Затем, не дав мне возможности передать ей эти слова, Бхагаван сам отправился на кухню и сказал ей: «С этого момента ты должна только руководить другими женщинами. Пусть они делают всю тяжелую работу».
Был один человек по имени Натеша Айер, который тоже в то время работал на кухне. Это был очень скромный человек, почти не проявлявший собственной воли.
Поварихи пользовались этим и безжалостно нагружали его работой. Что ему ни поручали, он всё охотно выполнял и не жаловался, даже несмотря на сильную усталость. Когда женщины поняли, что он уступчивый и безропотный человек, они стали поручать ему всю тяжелую работу.
Через некоторое время, когда его самочувствие ухудшилось, он подошел ко мне и сказал: «Женщины выжимают меня, как лимон. Пожалуйста, расскажи Бхагавану об этом. Скажи, что у меня все тело болит из-за этой работы. Ты часто разговариваешь с ним, можешь как-нибудь упомянуть об этом».
На этот раз Бхагаван ничего не сказал. Я не знаю, почему он не вмешался открыто, поговорив с Натешей Айером и облегчив его труд, но это было очень типично для него – поступать в двух очень похожих случаях совершенно по-разному. Бхагаван всегда реагировал на состояние души человека, а не на обстоятельства, в которых тот оказался. Если бы от меня требовалось высказать предположение насчет этого конкретного случая, я сказал бы, что, ценя смирение превыше всех добродетелей, он мог решить, что Натеше Айеру полезно продолжать смиренно сносить плохое обращение.
Во время празднования джаянти невозможно было накормить тысячи посетителей одновременно. В столовой кормили в несколько смен, и Бхагаван всегда ел вместе с первой группой гостей. Когда первая смена заканчивалась, Бхагаван уходил ненадолго прогуляться по горе, а потом возвращался в старый холл. Примерно с полудня до 14.30 Бхагаван сидел в холле один. На это время двери запирались, чтобы гости не пришли к нему целой толпой. Традицией ашрама было накормить каждого, кто приходил на джаянти, поэтому в такие дни там всегда были огромные неуправляемые толпы людей, и с этим приходилось считаться. Многие приходили только ради бесплатного обеда. Когда все гости были накормлены и толпа расходилась, Бхагаван снова начинал даршан.
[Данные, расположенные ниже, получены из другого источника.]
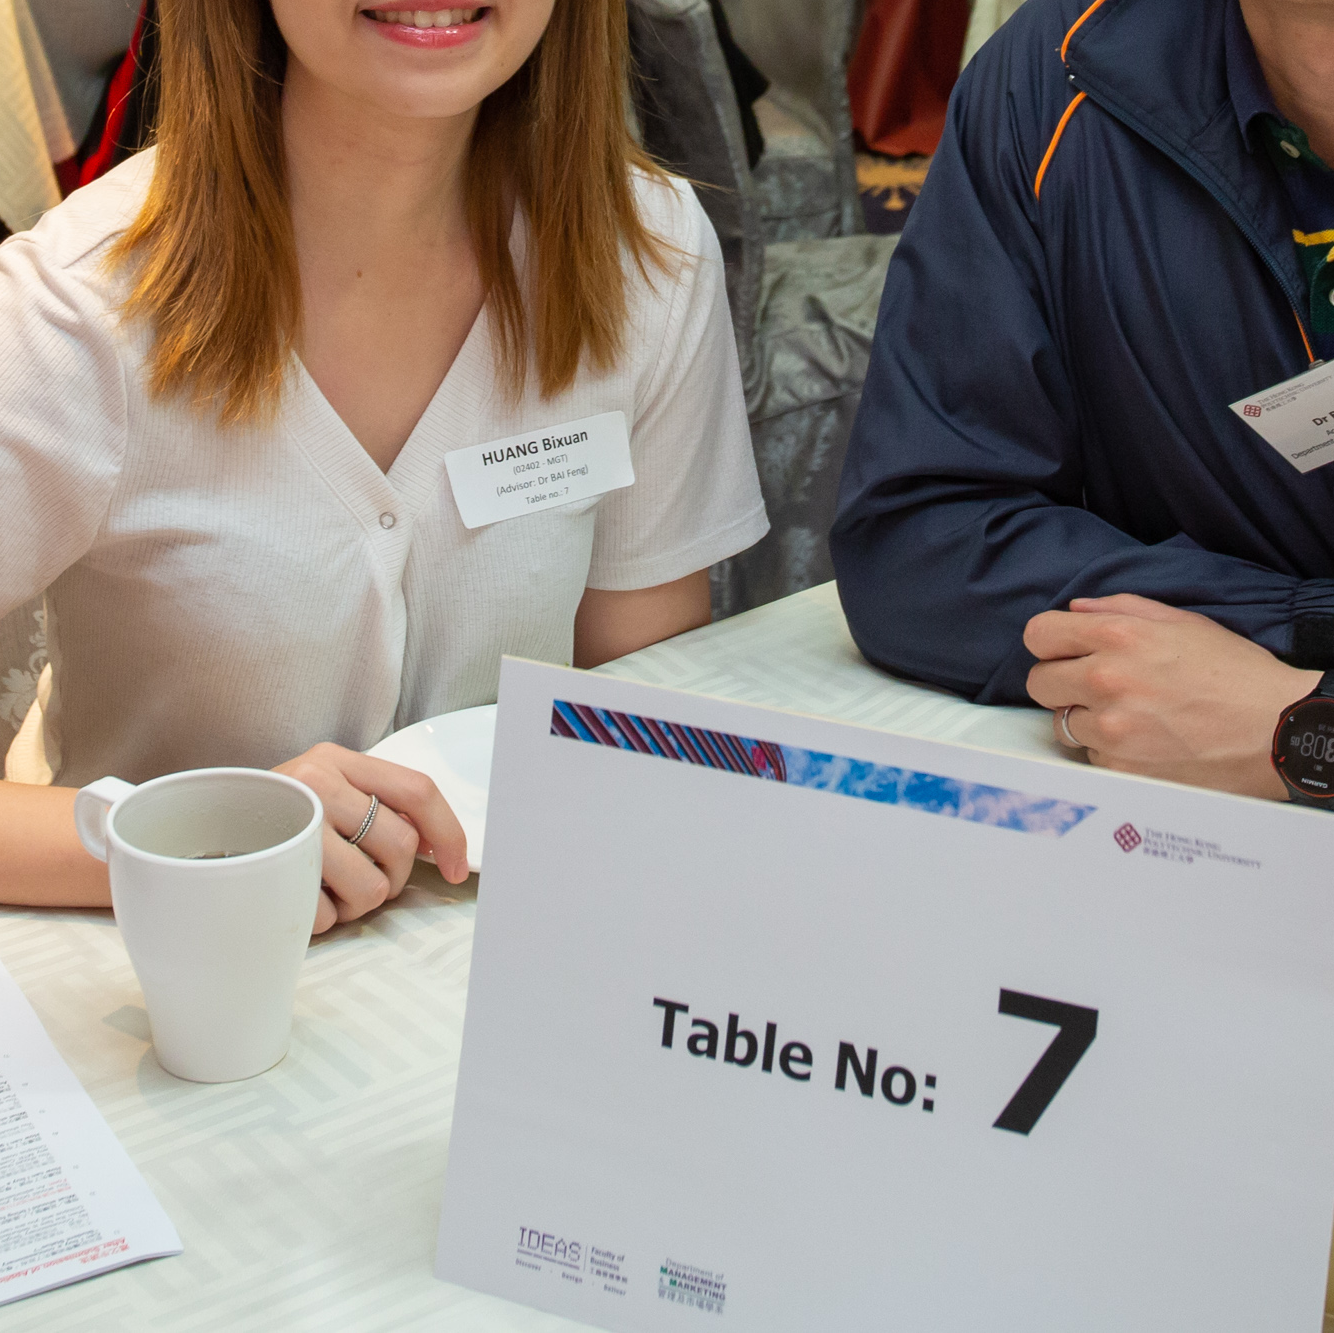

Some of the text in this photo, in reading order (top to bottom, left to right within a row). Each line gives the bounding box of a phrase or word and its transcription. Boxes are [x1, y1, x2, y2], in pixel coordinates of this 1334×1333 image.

Из-за огромного количества людей, желавших увидеть его, он не мог давать даршан, сидя на своем обычном месте, в углу холла. Поэтому помощники переносили его диван прямо в дверной проем. Гости и преданные подходили к дверям, получали даршан и отходили.
* * *
Однажды на джаянти прямо перед обедом Бхагаван услышал, как Чиннасвами громко кричит: «Парадеши (санньясины) не допускаются в первую группу!»
Бхагаван, направлявшийся в столовую, повернул назад и пошел в старый холл. Очевидно, он причислял себя к парадеши и решил, что ему нельзя в столовую. Из-за этого возникла большая проблема, так как давняя традиция гласила, что никто не должен начинать есть, пока не приступит к еде Бхагаван. Чиннасвами вошел в холл, извинился за свое распоряжение, вносящее дискриминацию, и попросил Бхагавана прийти и поесть в первую смену. Подошли еще несколько старых преданных и присоединились к этой просьбе. Бхагаван ответил, что не будет есть, пока всем парадеши не разрешат есть вместе с ним. Чиннасвами охотно принял это условие, поскольку иначе невозможно было начать кормление тысяч людей – для этого Бхагаван должен был занять свое место в столовой.
Когда Бхагаван давал даршан на джаянти, он обычно отказывался разговаривать с помощниками и преданными, так как не хотел, чтобы все эти новые посетители подумали, что они обязательно должны поговорить с ним. Большую часть дня он сидел на своем диване, как изваяние. Его глаза были открыты, но взгляд не сфокусирован. Он был так неподвижен, что даже его грудь и живот, которые у всех людей немного поднимаются и опускаются во время вдохов и выдохов, не двигались. Многие преданные (включая меня) чувствовали, что в дни джаянти он больше обычного излучал Силу и Милость. Все мы очень остро чувствовали Силу Бхагавана, когда он сидел неподвижно в состоянии, похожем на самадхи.
Натеша Айер
Натеша Айер, которого упомянул Аннамалай Свами, впервые встретился с Бхагаваном, совершив паломничество к Аруначале из Чидамбарама в 1922 г. В начале 1930-х гг. он переехал в Тируваннамалай и стал работать поваром в местом чолтри. Позже он работал в храме Аруначалешвары. Все это время он каждый день приходил в Раманашрам, чтобы получить даршан Бхагавана и петь Веды вместе с другими.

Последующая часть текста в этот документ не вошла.